• Kramer Levin’s Cybersecurity, Privacy and Data Protection group is an interdisciplinary team of lawyers from the United States and Europe with extensive litigation, regulatory, technology and compliance experience. We represent clients ranging from startups to multinational Fortune 100 companies to corporate executives and boards of directors, and provide proactive, comprehensive advice on the most cutting-edge data management, security valuation and technology issues as digital law becomes more and more global, transcending the cybersecurity and privacy laws of any single nation.

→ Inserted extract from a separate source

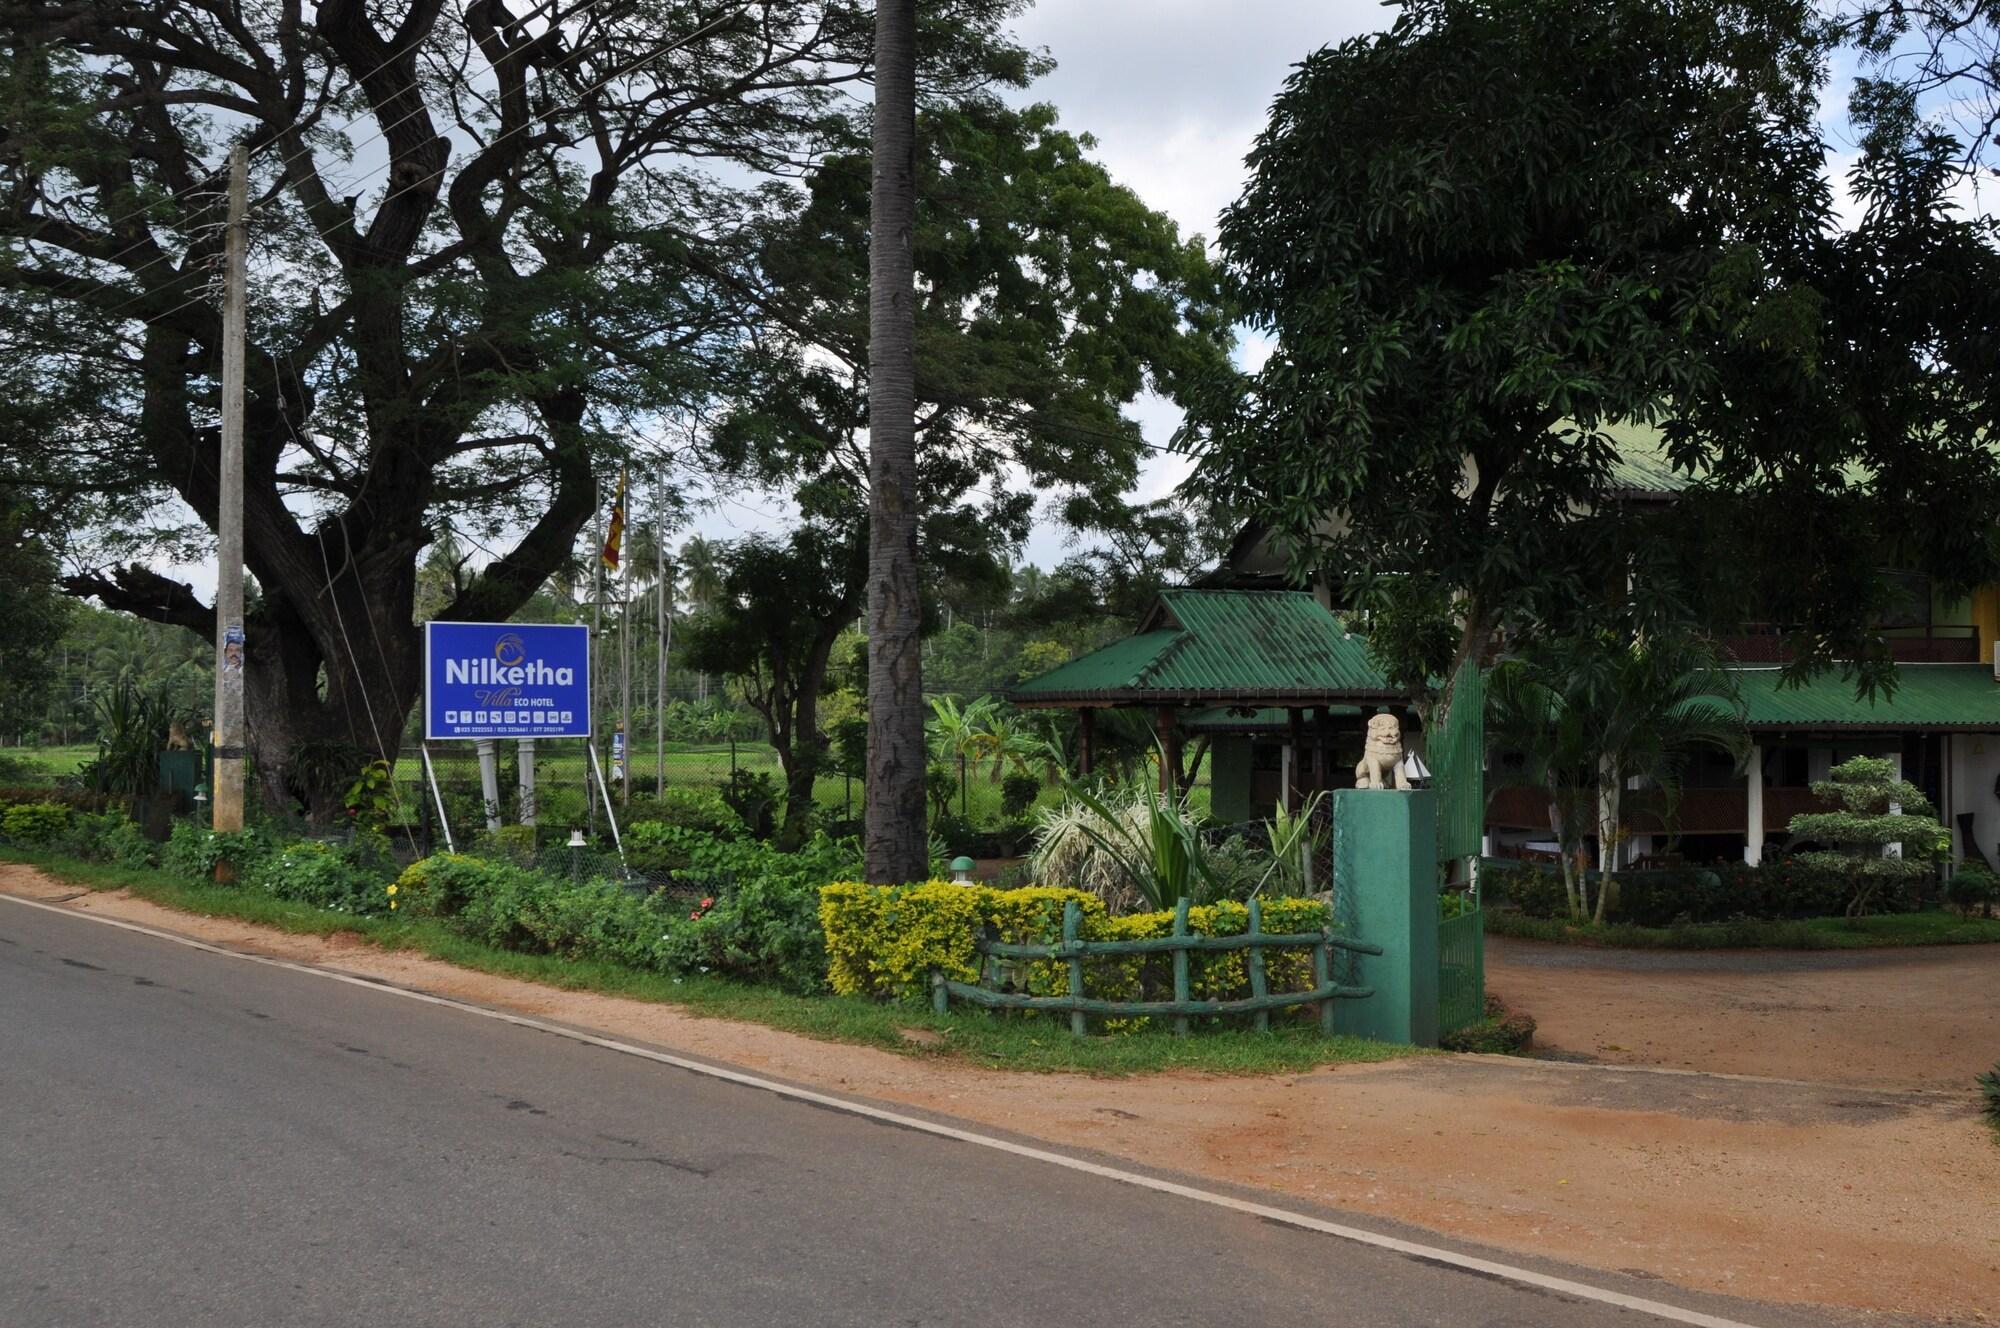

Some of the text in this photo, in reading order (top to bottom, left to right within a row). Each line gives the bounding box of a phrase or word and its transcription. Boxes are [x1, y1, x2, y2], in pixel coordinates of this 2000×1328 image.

[446, 658, 573, 685] Nilketha
[474, 687, 554, 707] Villa ECO HOTEL

    We regularly advise clients regarding:

    • Consumer protection and class action litigation defense
    • Government and internal investigations, including, in the United States, by the Department of Justice, FTC, SEC and other state and federal regulatory agencies, and in Europe, by EU data protection agencies
    • EU General Data Protection Regulation (GDPR), the California Consumer Privacy Act (CCPA), privacy shield and EU data protection rules compliance, including cross-border data transfers, e-discovery and whistle blower compliance, and hotline compliance
    • Cyber transactions, e-commerce, advertising and internet marketing
    • Cyberinsurance coverage
    • Cybersecurity counseling and training
    • Data access, data sharing and licensing/terms-of-use arrangements as well as employee, independent contractor and vendor confidentiality agreements
    • Data breach management, readiness and prevention, incident response, law enforcement coordination and post-breach recovery
    • Data protection audits and assistance in national data protection agency audits
    • EU data counseling and privacy policies
    • EU business secrecy compliance
    • Industry-specific internal controls regarding data and consumer privacy

    In addition, our Paris office has deep familiarity with and advises regularly on cross-border and multinational data security and privacy issues, including:

    • Implementation of compliance programs, binding corporate rules, data protection audits and impact assessment for multinational corporations
    • Implementation of employee and third-party whistleblowing procedures and hotlines
    • Cross-border data transfers (privacy shield, contractual clauses and binding corporate rules)
    • Contractual agreements of data controllers with their subcontractors
    • Data protection, trade secrecy, breaches under EU privacy laws and notification to competent authorities (national data protection agencies and EU Network and Information Systems agencies)
    • National and international investigations related to data protection compliance pursuant to EU privacy and data protection laws
    • French Data Protection Authority (DPA) procedures, including recommendations, approvals, statements, investigations and sanctions
    • Litigation before European and national jurisdictions, including, for example, litigation related to the right of access to health data
    • Updating and ongoing counsel on U.S., EU and French data protection legislation and regulations
    • Advising on the “data protection” vs. “antitrust” issue
    • E-commerce and distribution law
    • Legal privilege and blocking statute (loi de blocage)
    • Presentation before the employee representative committees as regards changes associated with digitalization

    Many of our lawyers have served in senior positions in government, including as prosecutors, counsel for congressional committees and members of the judiciary. In Europe, our group includes a chief officer of the French DPA and a leading authority in developing EU law. Across the practice and around the globe, the group applies varied perspectives and draws on the extensive knowledge and experience of our Advertising, Antitrust, Corporate, Information Governance and E-Discovery, Insurance, Intellectual Property and Litigation lawyers, among others. We offer practical strategies to help our clients identify and manage legal and reputational risks associated with all data.